--- The data ---

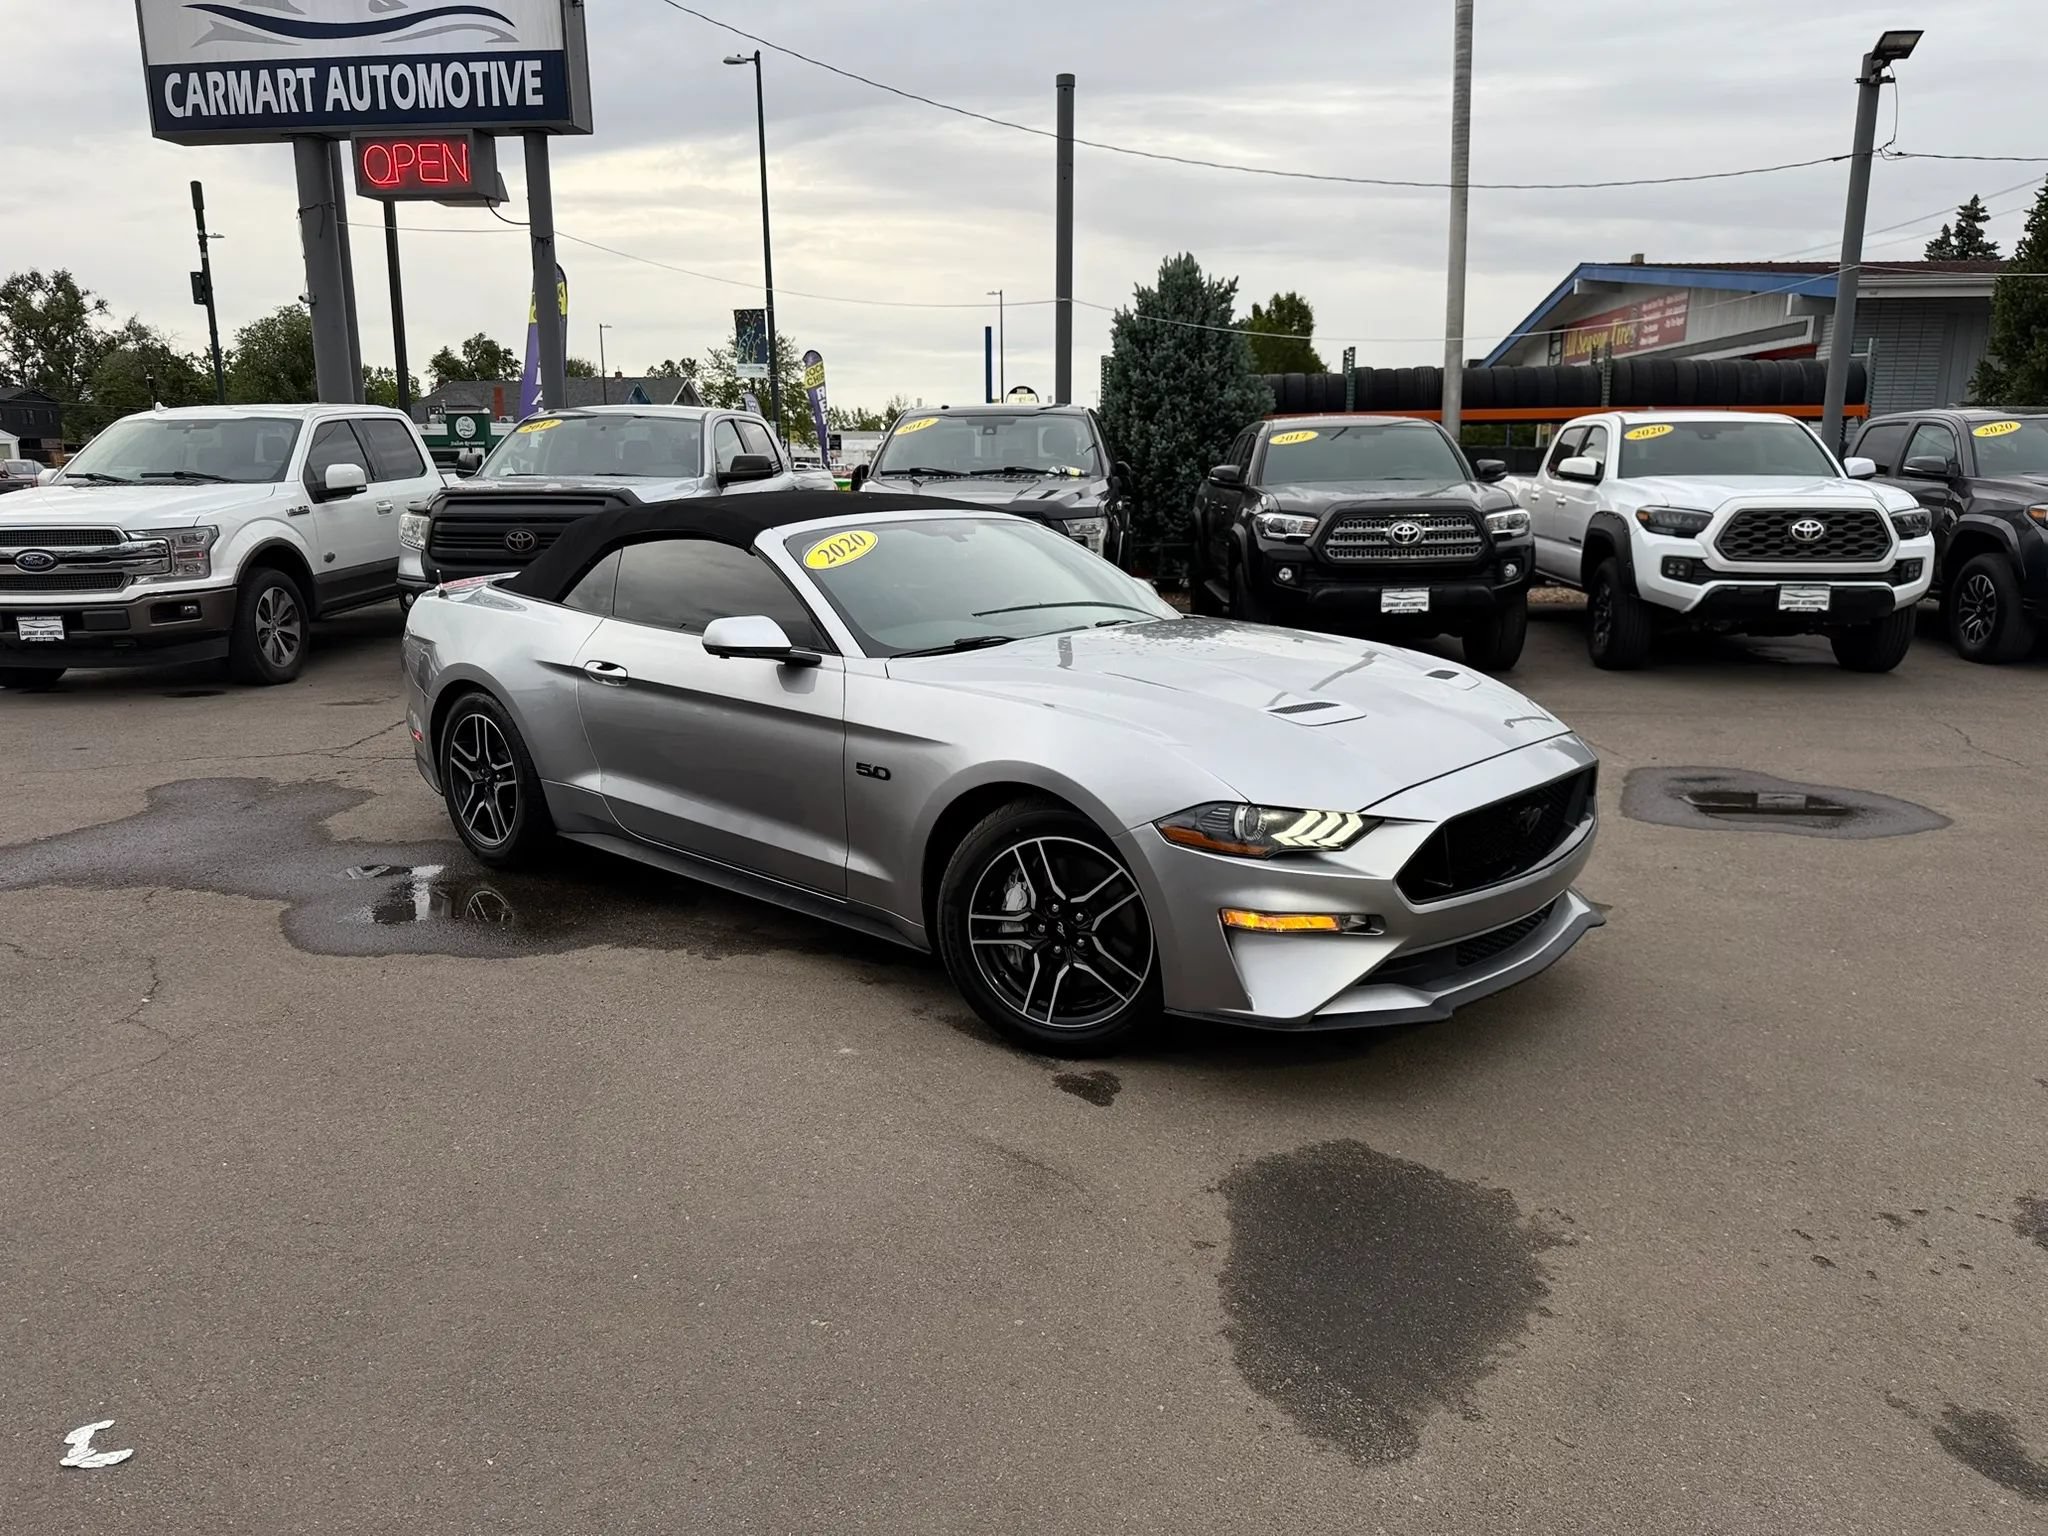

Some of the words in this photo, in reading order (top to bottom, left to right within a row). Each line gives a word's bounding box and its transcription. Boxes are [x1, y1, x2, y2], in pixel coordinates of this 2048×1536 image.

[164, 68, 316, 118] CARMART
[325, 60, 544, 112] AUTOMOTIVE
[363, 143, 471, 184] OPEN
[1635, 426, 1665, 438] 2020
[1984, 423, 2012, 435] 2020
[817, 533, 866, 564] 2020
[24, 555, 45, 565] Ford
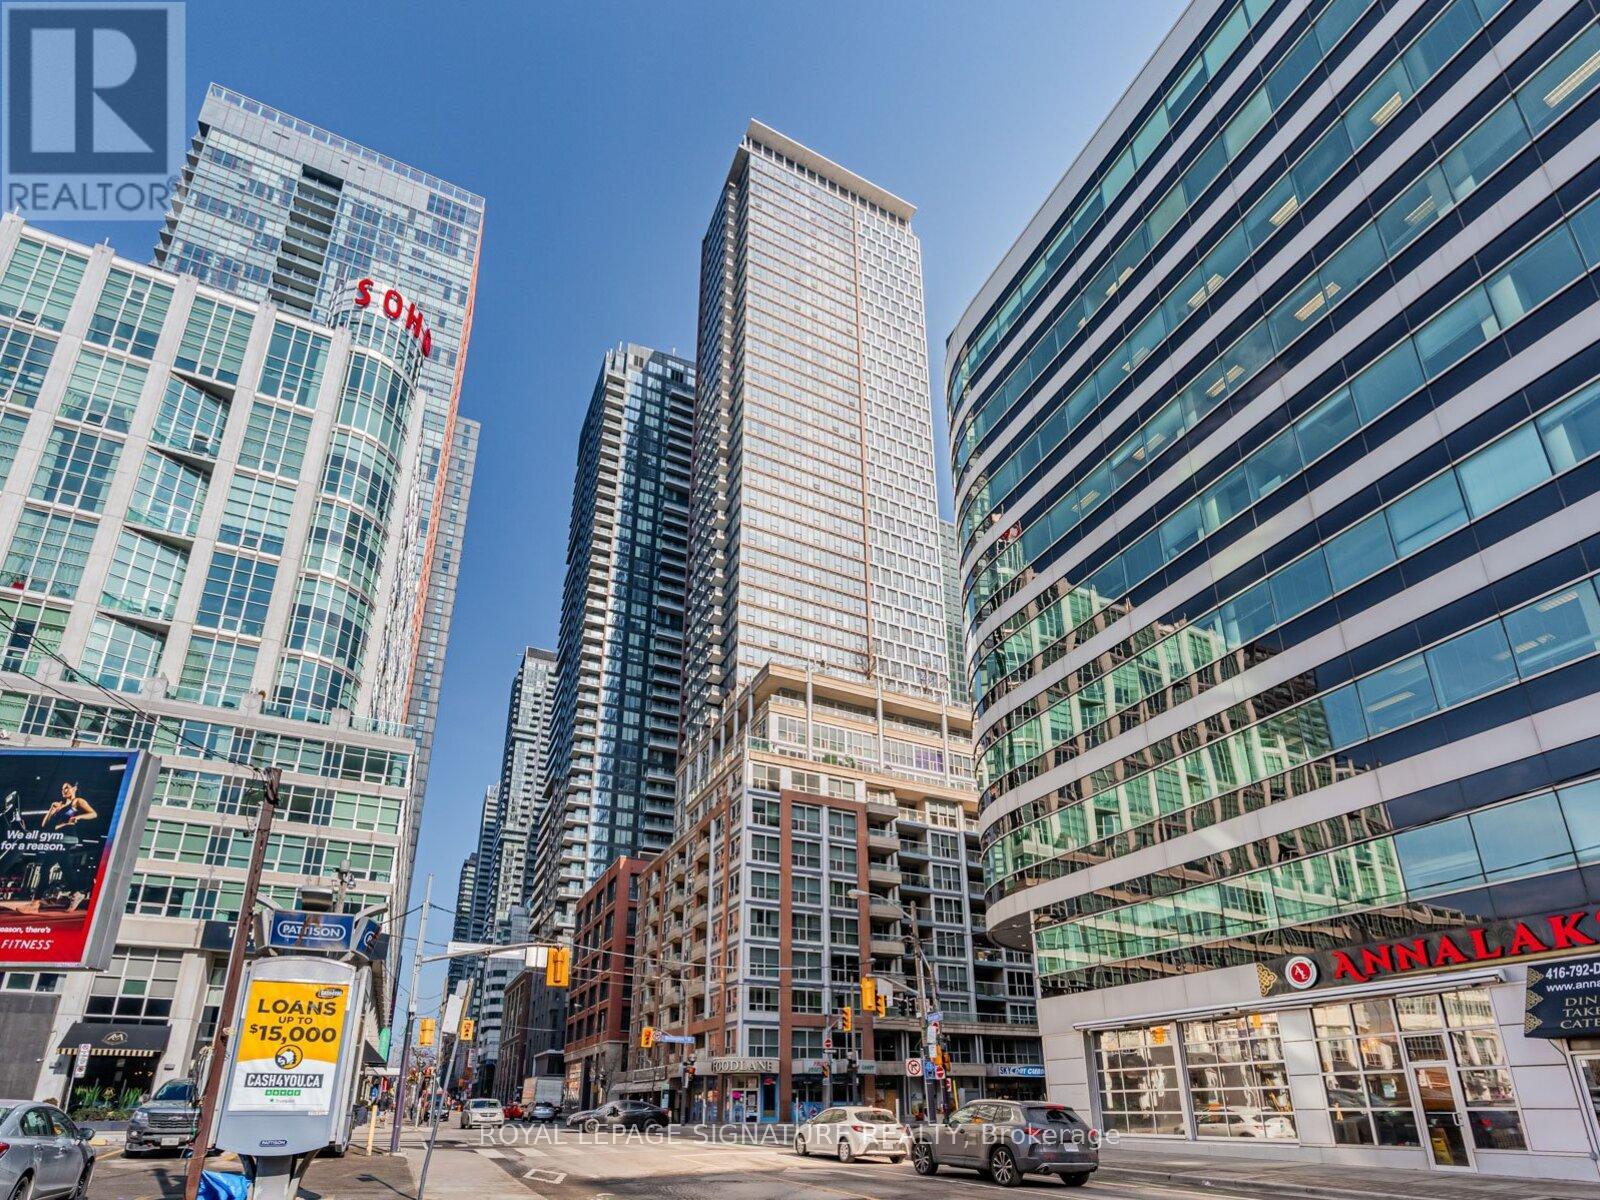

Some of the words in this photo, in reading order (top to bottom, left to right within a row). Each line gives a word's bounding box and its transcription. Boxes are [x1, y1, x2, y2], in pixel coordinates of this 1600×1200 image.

[354, 278, 432, 357] SOHO
[7, 830, 24, 839] We
[25, 830, 39, 839] all
[40, 832, 64, 842] gym
[0, 840, 17, 850] for
[26, 843, 66, 851] reason.
[25, 925, 51, 934] there's
[282, 925, 341, 937] PATTISON
[1, 939, 51, 950] FITNESS
[1333, 909, 1600, 983] ANNALAK
[1545, 962, 1600, 980] 416-792-D
[257, 998, 336, 1016] LOANS
[278, 1016, 294, 1024] UP
[298, 1017, 313, 1025] TO
[249, 1023, 337, 1045] $15,000
[246, 1073, 320, 1088] CASH4YOU.CA
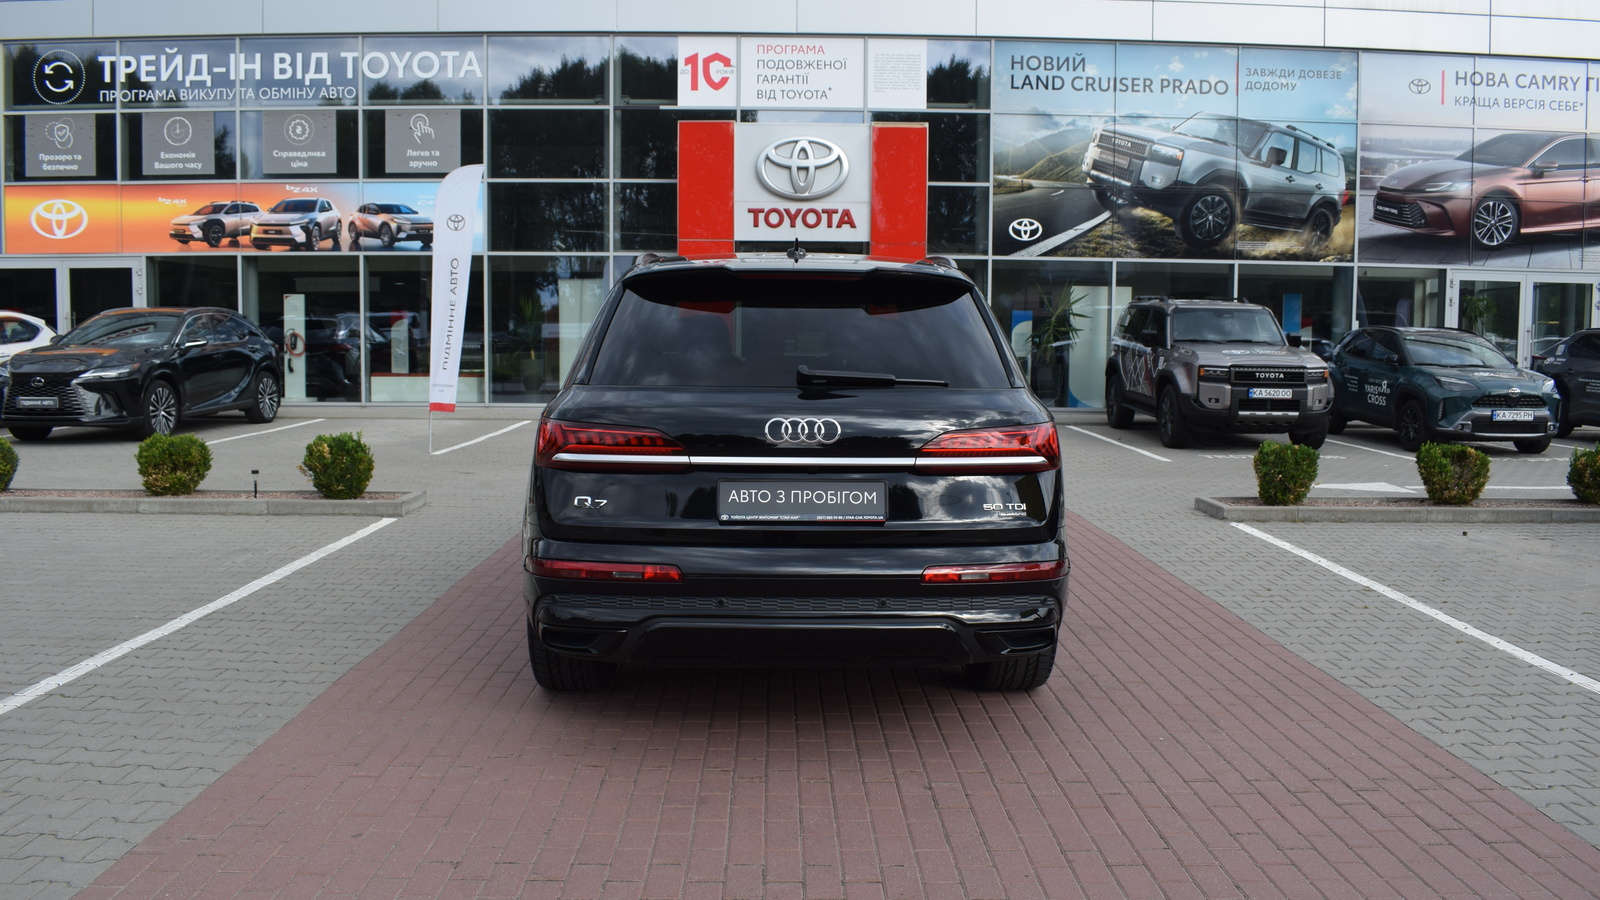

--- Prompt ---
Reproduce the entire listing exactly, but omit any pictures.

--- Output for this task ---
Some of the words in this photo, in reading order (top to bottom, left to right within a row). Each line gives a word's bounding box and its transcription. Boxes are [x1, y1, x2, y2], in pixel coordinates of this 2048×1536 image.

[164, 68, 316, 118] CARMART
[325, 60, 544, 112] AUTOMOTIVE
[363, 143, 471, 184] OPEN
[1635, 426, 1665, 438] 2020
[1984, 423, 2012, 435] 2020
[817, 533, 866, 564] 2020
[24, 555, 45, 565] Ford

Some of the words in this photo, in reading order (top to bottom, left to right within a row). Each line gives a word's bounding box and its transcription. Boxes are [x1, y1, x2, y2], in pixel coordinates of this 1600×1200 image.

[354, 278, 432, 357] SOHO
[7, 830, 24, 839] We
[25, 830, 39, 839] all
[40, 832, 64, 842] gym
[0, 840, 17, 850] for
[26, 843, 66, 851] reason.
[25, 925, 51, 934] there's
[282, 925, 341, 937] PATTISON
[1, 939, 51, 950] FITNESS
[1333, 909, 1600, 983] ANNALAK
[1545, 962, 1600, 980] 416-792-D
[257, 998, 336, 1016] LOANS
[278, 1016, 294, 1024] UP
[298, 1017, 313, 1025] TO
[249, 1023, 337, 1045] $15,000
[246, 1073, 320, 1088] CASH4YOU.CA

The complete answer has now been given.